**DIRECTIONS FOR THIS TASK:** Every record, from the first to the last, is to be printed again exactly.

**RECORDS TO USE:**

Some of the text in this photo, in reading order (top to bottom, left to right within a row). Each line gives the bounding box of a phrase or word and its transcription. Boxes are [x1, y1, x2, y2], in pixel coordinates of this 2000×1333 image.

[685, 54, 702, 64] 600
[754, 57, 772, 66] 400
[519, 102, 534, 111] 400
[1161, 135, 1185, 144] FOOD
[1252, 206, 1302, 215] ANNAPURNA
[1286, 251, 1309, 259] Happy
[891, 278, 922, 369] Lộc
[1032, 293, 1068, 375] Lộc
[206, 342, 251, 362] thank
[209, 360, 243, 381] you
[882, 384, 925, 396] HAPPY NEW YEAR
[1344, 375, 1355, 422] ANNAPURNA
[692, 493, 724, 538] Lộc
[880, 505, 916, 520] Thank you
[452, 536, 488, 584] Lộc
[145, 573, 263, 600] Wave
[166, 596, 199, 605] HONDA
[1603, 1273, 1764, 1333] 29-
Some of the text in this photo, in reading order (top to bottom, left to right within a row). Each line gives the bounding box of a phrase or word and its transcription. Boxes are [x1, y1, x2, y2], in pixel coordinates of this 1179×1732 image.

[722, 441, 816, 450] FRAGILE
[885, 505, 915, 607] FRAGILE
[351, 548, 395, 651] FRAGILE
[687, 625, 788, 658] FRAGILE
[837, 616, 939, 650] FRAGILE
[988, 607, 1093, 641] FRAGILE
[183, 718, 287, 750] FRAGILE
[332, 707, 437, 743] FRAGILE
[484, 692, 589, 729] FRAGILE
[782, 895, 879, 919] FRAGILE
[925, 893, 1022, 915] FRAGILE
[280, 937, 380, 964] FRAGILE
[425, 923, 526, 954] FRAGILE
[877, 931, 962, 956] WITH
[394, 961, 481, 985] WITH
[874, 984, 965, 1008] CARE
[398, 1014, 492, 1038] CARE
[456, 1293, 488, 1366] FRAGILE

**TASK SOLUTION:**
Some of the text in this photo, in reading order (top to bottom, left to right within a row). Each line gives the bounding box of a phrase or word and its transcription. Boxes are [x1, y1, x2, y2], in pixel coordinates of this 2000×1333 image.

[685, 54, 702, 64] 600
[754, 57, 772, 66] 400
[519, 102, 534, 111] 400
[1161, 135, 1185, 144] FOOD
[1252, 206, 1302, 215] ANNAPURNA
[1286, 251, 1309, 259] Happy
[891, 278, 922, 369] Lộc
[1032, 293, 1068, 375] Lộc
[206, 342, 251, 362] thank
[209, 360, 243, 381] you
[882, 384, 925, 396] HAPPY NEW YEAR
[1344, 375, 1355, 422] ANNAPURNA
[692, 493, 724, 538] Lộc
[880, 505, 916, 520] Thank you
[452, 536, 488, 584] Lộc
[145, 573, 263, 600] Wave
[166, 596, 199, 605] HONDA
[1603, 1273, 1764, 1333] 29-
Some of the text in this photo, in reading order (top to bottom, left to right within a row). Each line gives the bounding box of a phrase or word and its transcription. Boxes are [x1, y1, x2, y2], in pixel coordinates of this 1179×1732 image.

[722, 441, 816, 450] FRAGILE
[885, 505, 915, 607] FRAGILE
[351, 548, 395, 651] FRAGILE
[687, 625, 788, 658] FRAGILE
[837, 616, 939, 650] FRAGILE
[988, 607, 1093, 641] FRAGILE
[183, 718, 287, 750] FRAGILE
[332, 707, 437, 743] FRAGILE
[484, 692, 589, 729] FRAGILE
[782, 895, 879, 919] FRAGILE
[925, 893, 1022, 915] FRAGILE
[280, 937, 380, 964] FRAGILE
[425, 923, 526, 954] FRAGILE
[877, 931, 962, 956] WITH
[394, 961, 481, 985] WITH
[874, 984, 965, 1008] CARE
[398, 1014, 492, 1038] CARE
[456, 1293, 488, 1366] FRAGILE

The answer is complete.